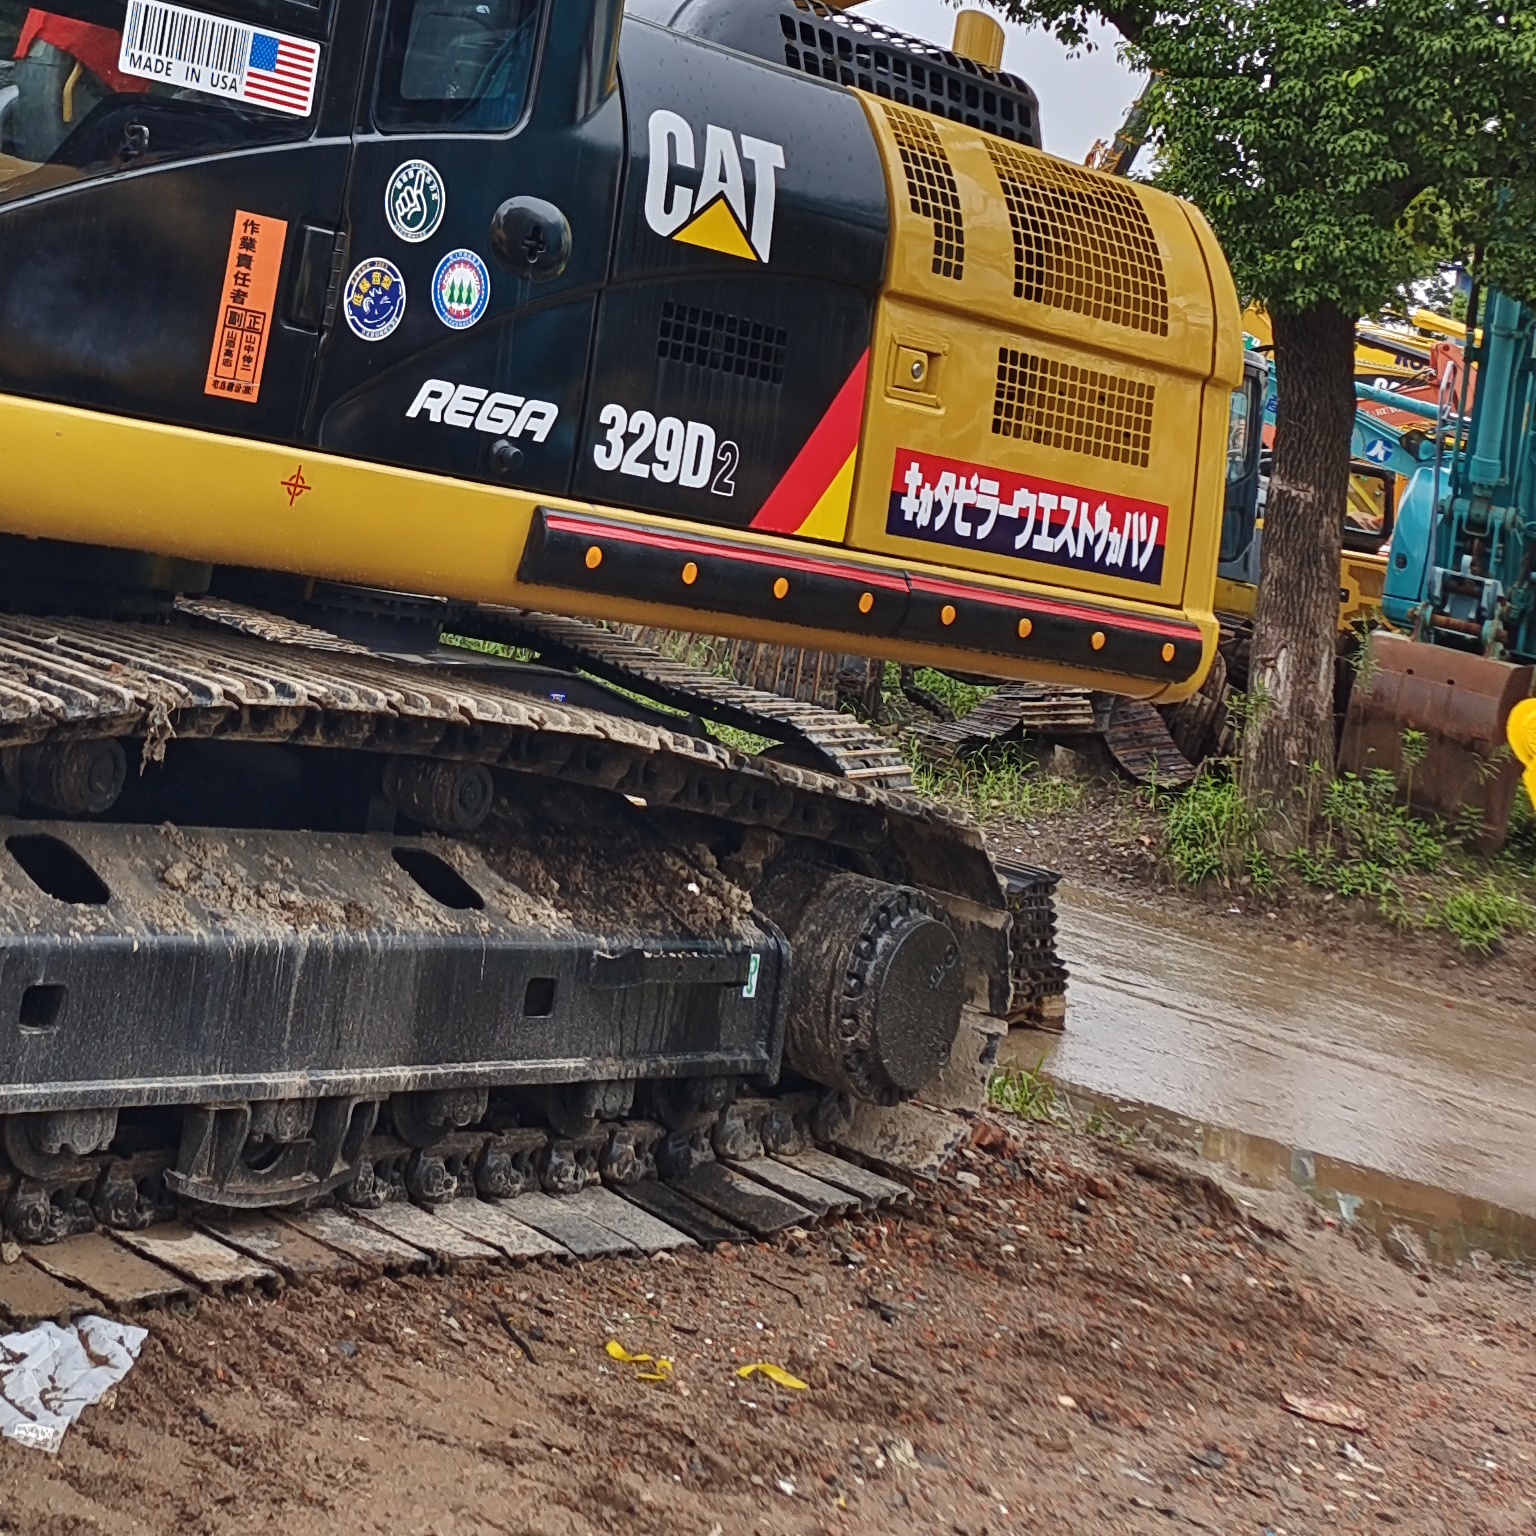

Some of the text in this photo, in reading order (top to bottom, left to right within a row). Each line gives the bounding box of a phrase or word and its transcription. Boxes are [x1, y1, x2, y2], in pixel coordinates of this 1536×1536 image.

[129, 52, 239, 94] MADE IN USA
[645, 109, 786, 263] CAT
[230, 218, 261, 306] 作業責任者
[246, 314, 262, 331] 正
[405, 377, 559, 443] REGA
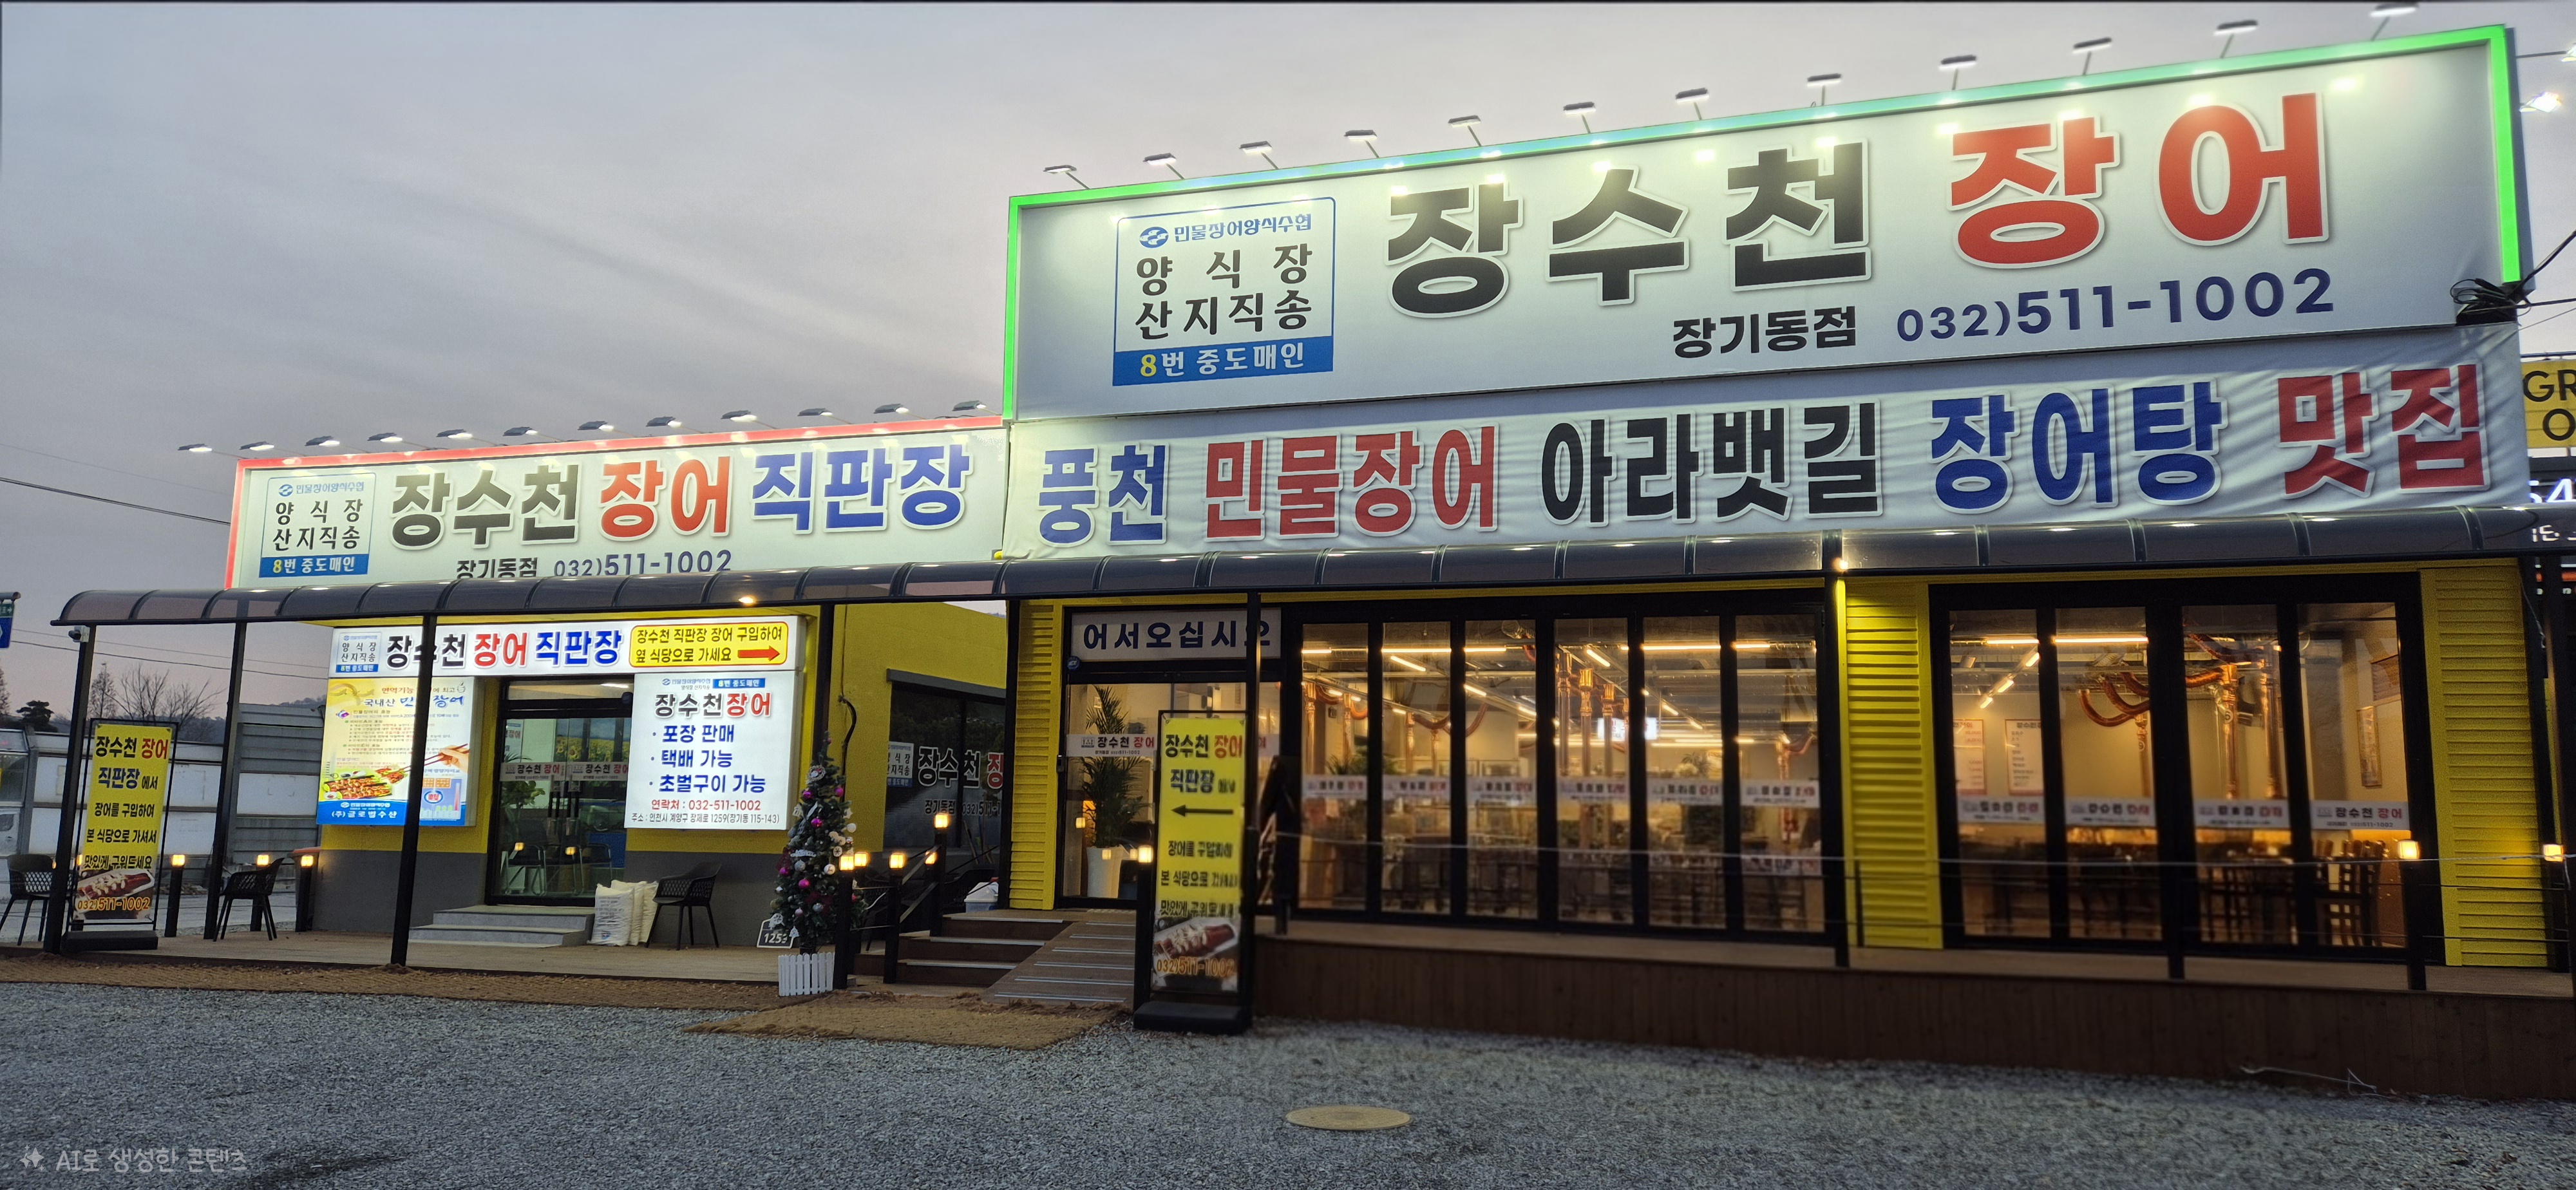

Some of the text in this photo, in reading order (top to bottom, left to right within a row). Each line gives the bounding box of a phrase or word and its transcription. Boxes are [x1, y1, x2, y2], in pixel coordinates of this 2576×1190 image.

[1388, 92, 2324, 315] 장수천 장어
[1174, 213, 1312, 243] 민물장어양식수협
[1135, 288, 1312, 340] 산지직송
[1674, 268, 2334, 359] 장기동점 032)511-1002
[1141, 342, 1305, 377] 8번 중도매인
[1038, 364, 2485, 543] 풍천 민물장어 아라뱃길 장어탕 맛집
[296, 482, 365, 494] 민물장어양식수협
[392, 444, 969, 545] 장수천 장어 직판장
[272, 525, 361, 551] 산지직송
[273, 556, 355, 574] 8번 중도매인
[456, 549, 732, 578] 장기동점 032)511-1002
[637, 626, 782, 643] 장수천 직판장 장어 구입하여
[474, 632, 527, 666] 장어
[536, 630, 621, 665] 직판장
[636, 647, 731, 663] 옆 식당으로 가세요
[364, 695, 464, 708] 국내산 민장어
[655, 693, 771, 717] 장수천 장어
[663, 724, 734, 743] 포장 판매
[1097, 737, 1129, 748] 장수천
[1134, 737, 1155, 748] 장어
[96, 736, 169, 759] 장수천 장어
[1165, 734, 1242, 758] 장수천 장어
[517, 764, 560, 773] 장수천 장어
[585, 764, 610, 773] 장수천
[661, 750, 733, 768] 택배 가능
[918, 746, 980, 788] 장수천
[98, 767, 158, 789] 직판장 에서
[659, 774, 766, 793] 초벌구이 가능
[1170, 769, 1215, 793] 직판장
[95, 802, 155, 818] 장어를 구입하여
[651, 800, 679, 810] 연락처
[688, 800, 761, 810] 032-511-1002
[2336, 807, 2402, 818] 장수천 장어
[631, 813, 644, 822] 주소
[649, 813, 668, 822] 인천시
[669, 813, 688, 823] 계양구
[86, 829, 157, 844] 본 식당으로 가셔서
[1168, 840, 1194, 857] 장어를
[84, 855, 152, 869] 맛있게 구워드세요
[1161, 871, 1170, 886] 본
[1173, 871, 1208, 887] 식당으로

Work to be completed
With the images excluded, output every record verbatim.

Exercise solution
Some of the text in this photo, in reading order (top to bottom, left to right within a row). Each line gives the bounding box of a phrase or word and its transcription. Boxes are [x1, y1, x2, y2], in pixel coordinates of this 1536×1536 image.

[129, 52, 239, 94] MADE IN USA
[645, 109, 786, 263] CAT
[230, 218, 261, 306] 作業責任者
[246, 314, 262, 331] 正
[405, 377, 559, 443] REGA

Some of the text in this photo, in reading order (top to bottom, left to right within a row). Each line gives the bounding box of a phrase or word and its transcription. Boxes are [x1, y1, x2, y2], in pixel coordinates of this 2576×1190 image.

[1388, 92, 2324, 315] 장수천 장어
[1174, 213, 1312, 243] 민물장어양식수협
[1135, 288, 1312, 340] 산지직송
[1674, 268, 2334, 359] 장기동점 032)511-1002
[1141, 342, 1305, 377] 8번 중도매인
[1038, 364, 2485, 543] 풍천 민물장어 아라뱃길 장어탕 맛집
[296, 482, 365, 494] 민물장어양식수협
[392, 444, 969, 545] 장수천 장어 직판장
[272, 525, 361, 551] 산지직송
[273, 556, 355, 574] 8번 중도매인
[456, 549, 732, 578] 장기동점 032)511-1002
[637, 626, 782, 643] 장수천 직판장 장어 구입하여
[474, 632, 527, 666] 장어
[536, 630, 621, 665] 직판장
[636, 647, 731, 663] 옆 식당으로 가세요
[364, 695, 464, 708] 국내산 민장어
[655, 693, 771, 717] 장수천 장어
[663, 724, 734, 743] 포장 판매
[1097, 737, 1129, 748] 장수천
[1134, 737, 1155, 748] 장어
[96, 736, 169, 759] 장수천 장어
[1165, 734, 1242, 758] 장수천 장어
[517, 764, 560, 773] 장수천 장어
[585, 764, 610, 773] 장수천
[661, 750, 733, 768] 택배 가능
[918, 746, 980, 788] 장수천
[98, 767, 158, 789] 직판장 에서
[659, 774, 766, 793] 초벌구이 가능
[1170, 769, 1215, 793] 직판장
[95, 802, 155, 818] 장어를 구입하여
[651, 800, 679, 810] 연락처
[688, 800, 761, 810] 032-511-1002
[2336, 807, 2402, 818] 장수천 장어
[631, 813, 644, 822] 주소
[649, 813, 668, 822] 인천시
[669, 813, 688, 823] 계양구
[86, 829, 157, 844] 본 식당으로 가셔서
[1168, 840, 1194, 857] 장어를
[84, 855, 152, 869] 맛있게 구워드세요
[1161, 871, 1170, 886] 본
[1173, 871, 1208, 887] 식당으로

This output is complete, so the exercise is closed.